■ **Task input**
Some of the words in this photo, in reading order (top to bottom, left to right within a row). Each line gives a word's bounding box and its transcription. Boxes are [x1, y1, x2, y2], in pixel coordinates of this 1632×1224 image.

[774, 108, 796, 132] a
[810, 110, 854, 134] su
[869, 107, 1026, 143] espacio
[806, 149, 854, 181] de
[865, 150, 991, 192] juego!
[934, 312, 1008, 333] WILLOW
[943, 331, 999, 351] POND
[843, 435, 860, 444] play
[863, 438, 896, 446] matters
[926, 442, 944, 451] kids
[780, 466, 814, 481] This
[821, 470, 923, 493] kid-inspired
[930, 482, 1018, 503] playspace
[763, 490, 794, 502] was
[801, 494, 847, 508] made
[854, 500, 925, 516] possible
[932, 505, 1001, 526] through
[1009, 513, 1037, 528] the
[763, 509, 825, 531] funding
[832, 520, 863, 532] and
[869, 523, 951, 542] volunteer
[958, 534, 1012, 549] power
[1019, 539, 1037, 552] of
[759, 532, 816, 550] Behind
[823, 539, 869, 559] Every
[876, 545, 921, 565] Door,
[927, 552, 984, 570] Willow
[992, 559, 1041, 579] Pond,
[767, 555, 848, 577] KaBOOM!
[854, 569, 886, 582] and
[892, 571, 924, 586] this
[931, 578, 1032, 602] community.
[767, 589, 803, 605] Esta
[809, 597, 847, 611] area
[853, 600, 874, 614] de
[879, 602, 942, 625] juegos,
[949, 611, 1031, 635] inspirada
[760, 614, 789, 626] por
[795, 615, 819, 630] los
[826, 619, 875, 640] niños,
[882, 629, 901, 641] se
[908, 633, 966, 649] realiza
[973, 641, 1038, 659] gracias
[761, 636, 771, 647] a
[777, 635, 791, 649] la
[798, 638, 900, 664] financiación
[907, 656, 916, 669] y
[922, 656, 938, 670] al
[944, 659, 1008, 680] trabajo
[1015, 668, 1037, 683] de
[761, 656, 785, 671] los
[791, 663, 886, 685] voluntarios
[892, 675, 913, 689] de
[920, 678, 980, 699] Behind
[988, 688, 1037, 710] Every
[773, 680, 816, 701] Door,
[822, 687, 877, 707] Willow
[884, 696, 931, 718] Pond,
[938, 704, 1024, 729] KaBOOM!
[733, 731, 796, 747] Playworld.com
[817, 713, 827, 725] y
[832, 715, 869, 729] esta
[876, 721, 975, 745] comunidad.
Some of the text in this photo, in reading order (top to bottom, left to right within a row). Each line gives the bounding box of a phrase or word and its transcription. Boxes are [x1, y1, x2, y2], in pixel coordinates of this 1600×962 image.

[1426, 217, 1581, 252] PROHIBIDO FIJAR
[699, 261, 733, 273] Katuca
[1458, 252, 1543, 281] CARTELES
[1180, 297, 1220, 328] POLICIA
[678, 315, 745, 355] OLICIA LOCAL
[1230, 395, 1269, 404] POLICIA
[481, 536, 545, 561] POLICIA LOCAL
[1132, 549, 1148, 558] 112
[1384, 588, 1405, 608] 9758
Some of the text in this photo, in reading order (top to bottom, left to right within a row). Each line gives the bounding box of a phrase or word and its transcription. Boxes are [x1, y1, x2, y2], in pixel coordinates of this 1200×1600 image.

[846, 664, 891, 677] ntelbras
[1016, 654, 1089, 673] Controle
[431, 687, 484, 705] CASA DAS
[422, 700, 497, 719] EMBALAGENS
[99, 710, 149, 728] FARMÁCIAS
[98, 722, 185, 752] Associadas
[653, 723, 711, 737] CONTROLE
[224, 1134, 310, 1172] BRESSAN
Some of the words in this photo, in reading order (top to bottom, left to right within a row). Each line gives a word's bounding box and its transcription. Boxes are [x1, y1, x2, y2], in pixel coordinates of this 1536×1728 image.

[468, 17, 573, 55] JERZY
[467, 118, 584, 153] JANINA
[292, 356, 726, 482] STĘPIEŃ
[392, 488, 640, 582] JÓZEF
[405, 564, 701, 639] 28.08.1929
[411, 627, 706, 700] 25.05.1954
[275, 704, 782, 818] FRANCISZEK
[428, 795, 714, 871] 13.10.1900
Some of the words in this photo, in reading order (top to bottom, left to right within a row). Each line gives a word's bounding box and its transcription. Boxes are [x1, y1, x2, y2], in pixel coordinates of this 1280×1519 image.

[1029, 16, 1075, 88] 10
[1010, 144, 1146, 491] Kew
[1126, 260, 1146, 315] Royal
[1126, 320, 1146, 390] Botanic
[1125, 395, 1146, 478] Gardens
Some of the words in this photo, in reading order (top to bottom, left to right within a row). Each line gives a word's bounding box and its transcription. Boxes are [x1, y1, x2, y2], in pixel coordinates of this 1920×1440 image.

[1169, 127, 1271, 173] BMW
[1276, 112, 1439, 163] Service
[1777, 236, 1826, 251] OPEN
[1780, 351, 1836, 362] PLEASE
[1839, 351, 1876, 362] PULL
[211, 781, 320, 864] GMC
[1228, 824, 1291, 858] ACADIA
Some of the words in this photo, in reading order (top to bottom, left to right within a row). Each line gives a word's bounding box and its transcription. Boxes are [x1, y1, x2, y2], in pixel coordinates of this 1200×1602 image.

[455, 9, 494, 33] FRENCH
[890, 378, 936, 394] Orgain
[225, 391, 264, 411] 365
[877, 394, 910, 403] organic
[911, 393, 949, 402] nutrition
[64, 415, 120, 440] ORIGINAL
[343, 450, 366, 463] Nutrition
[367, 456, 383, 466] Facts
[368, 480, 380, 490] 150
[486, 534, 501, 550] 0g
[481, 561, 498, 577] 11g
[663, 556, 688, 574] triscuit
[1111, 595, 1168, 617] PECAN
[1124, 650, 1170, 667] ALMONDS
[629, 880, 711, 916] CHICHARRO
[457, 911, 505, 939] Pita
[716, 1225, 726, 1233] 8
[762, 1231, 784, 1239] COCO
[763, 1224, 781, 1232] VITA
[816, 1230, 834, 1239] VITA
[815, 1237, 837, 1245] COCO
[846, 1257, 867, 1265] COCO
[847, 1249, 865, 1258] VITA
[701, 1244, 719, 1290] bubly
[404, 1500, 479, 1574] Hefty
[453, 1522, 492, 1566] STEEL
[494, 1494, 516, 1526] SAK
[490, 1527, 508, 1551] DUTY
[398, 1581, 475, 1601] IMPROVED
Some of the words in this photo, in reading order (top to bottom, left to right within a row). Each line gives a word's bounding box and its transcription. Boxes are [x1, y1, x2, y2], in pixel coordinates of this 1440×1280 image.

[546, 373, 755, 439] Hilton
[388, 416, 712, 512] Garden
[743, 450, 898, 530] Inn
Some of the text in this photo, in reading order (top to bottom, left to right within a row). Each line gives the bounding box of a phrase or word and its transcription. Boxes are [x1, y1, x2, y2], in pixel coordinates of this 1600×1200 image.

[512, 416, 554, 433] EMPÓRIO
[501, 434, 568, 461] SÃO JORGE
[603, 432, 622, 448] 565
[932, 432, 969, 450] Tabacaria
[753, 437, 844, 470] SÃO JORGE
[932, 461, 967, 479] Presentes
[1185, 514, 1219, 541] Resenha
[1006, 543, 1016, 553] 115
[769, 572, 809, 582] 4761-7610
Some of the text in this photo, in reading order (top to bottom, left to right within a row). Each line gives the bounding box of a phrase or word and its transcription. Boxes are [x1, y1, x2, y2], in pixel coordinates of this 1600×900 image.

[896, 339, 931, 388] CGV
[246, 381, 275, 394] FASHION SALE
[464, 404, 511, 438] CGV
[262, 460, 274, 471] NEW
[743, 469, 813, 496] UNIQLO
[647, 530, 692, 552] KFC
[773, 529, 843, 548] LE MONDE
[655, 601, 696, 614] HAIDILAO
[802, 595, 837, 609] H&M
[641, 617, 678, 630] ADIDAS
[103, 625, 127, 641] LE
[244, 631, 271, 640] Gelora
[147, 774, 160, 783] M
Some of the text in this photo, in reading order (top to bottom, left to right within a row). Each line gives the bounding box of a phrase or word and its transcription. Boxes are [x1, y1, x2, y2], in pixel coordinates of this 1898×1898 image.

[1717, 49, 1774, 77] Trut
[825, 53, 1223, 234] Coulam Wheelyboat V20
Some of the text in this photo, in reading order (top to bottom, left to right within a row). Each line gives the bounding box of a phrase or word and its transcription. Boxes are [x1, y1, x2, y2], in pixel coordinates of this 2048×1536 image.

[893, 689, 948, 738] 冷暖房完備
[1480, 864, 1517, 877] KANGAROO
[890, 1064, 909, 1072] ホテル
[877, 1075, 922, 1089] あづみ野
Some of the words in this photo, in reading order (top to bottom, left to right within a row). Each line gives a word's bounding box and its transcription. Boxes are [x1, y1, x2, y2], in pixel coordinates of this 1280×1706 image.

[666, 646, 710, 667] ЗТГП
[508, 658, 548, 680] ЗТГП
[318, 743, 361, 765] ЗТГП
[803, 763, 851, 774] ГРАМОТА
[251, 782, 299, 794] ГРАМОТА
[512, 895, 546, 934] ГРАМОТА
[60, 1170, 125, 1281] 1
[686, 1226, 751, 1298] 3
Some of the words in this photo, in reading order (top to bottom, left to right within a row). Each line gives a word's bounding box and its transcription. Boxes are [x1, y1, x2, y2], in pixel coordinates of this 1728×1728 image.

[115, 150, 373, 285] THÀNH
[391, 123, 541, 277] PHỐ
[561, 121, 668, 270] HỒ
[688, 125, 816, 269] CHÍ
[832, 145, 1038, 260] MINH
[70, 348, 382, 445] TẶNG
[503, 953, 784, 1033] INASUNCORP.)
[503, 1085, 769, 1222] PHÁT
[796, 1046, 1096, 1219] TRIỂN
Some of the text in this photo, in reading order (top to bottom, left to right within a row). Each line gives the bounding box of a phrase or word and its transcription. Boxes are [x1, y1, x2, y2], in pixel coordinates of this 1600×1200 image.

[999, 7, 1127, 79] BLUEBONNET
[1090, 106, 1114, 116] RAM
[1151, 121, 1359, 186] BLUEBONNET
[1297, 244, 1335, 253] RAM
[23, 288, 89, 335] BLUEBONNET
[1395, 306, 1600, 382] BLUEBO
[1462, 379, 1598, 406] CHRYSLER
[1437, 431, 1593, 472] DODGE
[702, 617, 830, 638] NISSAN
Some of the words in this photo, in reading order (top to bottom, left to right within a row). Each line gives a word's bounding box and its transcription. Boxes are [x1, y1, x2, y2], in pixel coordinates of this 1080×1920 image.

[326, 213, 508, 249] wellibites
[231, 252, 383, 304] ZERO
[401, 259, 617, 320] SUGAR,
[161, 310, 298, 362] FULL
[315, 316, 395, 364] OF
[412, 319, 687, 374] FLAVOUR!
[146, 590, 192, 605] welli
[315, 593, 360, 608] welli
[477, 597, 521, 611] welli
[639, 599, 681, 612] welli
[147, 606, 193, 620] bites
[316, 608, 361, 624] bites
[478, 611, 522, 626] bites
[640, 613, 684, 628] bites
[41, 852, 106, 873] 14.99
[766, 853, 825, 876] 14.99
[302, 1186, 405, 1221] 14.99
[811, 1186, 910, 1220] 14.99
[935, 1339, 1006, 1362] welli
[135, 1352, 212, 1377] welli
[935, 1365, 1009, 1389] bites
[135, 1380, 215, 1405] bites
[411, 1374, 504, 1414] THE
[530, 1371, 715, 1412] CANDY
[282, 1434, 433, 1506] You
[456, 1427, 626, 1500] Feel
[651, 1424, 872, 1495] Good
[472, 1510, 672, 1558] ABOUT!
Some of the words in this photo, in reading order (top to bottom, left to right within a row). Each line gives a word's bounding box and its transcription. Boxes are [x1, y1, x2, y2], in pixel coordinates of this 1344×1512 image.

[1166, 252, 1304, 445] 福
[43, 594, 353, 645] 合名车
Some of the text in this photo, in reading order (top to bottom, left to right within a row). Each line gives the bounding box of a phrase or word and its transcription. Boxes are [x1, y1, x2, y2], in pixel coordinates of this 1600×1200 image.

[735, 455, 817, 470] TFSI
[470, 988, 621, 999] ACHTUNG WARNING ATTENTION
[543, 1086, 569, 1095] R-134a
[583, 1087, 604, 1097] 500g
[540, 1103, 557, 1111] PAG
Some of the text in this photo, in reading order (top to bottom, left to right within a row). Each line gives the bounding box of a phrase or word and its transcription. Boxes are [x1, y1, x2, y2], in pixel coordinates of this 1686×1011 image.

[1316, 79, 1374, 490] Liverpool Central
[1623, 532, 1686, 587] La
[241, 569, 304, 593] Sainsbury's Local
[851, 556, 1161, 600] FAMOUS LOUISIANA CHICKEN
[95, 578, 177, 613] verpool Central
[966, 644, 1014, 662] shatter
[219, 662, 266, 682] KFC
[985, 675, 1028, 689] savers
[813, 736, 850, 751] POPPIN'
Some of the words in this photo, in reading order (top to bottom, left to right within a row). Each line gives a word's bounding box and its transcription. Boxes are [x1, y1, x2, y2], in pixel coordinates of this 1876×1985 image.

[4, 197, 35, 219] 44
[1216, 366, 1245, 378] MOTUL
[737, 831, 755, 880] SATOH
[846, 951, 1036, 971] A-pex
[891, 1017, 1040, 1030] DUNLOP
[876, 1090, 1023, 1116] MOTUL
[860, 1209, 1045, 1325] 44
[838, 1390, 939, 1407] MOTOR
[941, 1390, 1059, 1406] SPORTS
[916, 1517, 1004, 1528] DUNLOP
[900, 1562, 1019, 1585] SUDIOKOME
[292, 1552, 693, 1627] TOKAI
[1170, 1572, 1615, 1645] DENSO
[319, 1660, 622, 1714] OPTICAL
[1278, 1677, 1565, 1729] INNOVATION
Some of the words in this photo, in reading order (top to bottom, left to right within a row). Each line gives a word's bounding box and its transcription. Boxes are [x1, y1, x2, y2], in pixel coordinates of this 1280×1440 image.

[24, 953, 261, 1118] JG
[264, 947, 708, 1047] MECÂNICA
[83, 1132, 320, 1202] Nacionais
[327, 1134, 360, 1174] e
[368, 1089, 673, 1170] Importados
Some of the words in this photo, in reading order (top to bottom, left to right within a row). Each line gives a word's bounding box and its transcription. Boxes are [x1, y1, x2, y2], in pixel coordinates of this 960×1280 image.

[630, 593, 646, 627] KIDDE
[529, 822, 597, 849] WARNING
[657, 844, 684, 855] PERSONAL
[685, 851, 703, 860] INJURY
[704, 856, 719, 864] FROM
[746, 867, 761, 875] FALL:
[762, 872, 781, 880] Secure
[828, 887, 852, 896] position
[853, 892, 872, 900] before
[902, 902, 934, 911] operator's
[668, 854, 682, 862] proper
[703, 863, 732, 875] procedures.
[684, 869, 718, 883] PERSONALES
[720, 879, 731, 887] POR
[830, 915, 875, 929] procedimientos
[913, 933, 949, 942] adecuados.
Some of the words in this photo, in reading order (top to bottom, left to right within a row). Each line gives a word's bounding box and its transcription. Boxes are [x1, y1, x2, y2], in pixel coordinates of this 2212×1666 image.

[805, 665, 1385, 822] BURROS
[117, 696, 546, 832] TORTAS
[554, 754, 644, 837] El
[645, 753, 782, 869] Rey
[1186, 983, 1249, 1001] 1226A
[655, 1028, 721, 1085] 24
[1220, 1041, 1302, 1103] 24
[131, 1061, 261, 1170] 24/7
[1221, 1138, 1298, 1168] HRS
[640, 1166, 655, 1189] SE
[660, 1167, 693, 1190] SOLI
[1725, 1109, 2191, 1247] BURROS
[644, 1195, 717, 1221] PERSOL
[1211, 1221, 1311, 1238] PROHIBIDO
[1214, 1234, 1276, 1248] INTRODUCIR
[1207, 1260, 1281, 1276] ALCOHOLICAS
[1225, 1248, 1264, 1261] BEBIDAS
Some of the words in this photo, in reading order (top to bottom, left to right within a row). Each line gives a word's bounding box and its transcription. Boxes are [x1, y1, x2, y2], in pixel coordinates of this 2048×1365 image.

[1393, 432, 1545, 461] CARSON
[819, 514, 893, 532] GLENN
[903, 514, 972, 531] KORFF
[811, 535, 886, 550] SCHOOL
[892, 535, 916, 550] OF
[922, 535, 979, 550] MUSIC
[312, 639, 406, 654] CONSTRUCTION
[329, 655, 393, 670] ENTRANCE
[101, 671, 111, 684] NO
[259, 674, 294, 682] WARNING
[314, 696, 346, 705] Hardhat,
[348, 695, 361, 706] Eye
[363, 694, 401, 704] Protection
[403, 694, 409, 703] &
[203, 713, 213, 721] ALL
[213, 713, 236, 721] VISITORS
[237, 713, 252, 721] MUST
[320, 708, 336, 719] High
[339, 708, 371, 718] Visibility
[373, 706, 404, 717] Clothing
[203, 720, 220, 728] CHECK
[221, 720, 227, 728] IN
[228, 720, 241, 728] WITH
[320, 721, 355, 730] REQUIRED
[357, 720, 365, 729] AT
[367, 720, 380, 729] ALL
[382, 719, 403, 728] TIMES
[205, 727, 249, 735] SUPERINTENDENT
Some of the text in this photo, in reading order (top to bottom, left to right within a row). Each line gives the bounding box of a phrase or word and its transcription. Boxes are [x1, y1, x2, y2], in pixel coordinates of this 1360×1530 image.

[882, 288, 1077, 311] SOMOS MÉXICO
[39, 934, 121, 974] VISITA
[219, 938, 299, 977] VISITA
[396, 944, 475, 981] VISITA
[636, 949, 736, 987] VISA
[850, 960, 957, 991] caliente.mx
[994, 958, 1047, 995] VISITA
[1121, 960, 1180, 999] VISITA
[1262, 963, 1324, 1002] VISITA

■ **Required work**
Nothing but the lines from the one that contains "this 1360×1530 image." through the end of the listing above should be copied, each exactly as written.

■ **Solution below**
Some of the text in this photo, in reading order (top to bottom, left to right within a row). Each line gives the bounding box of a phrase or word and its transcription. Boxes are [x1, y1, x2, y2], in pixel coordinates of this 1360×1530 image.

[882, 288, 1077, 311] SOMOS MÉXICO
[39, 934, 121, 974] VISITA
[219, 938, 299, 977] VISITA
[396, 944, 475, 981] VISITA
[636, 949, 736, 987] VISA
[850, 960, 957, 991] caliente.mx
[994, 958, 1047, 995] VISITA
[1121, 960, 1180, 999] VISITA
[1262, 963, 1324, 1002] VISITA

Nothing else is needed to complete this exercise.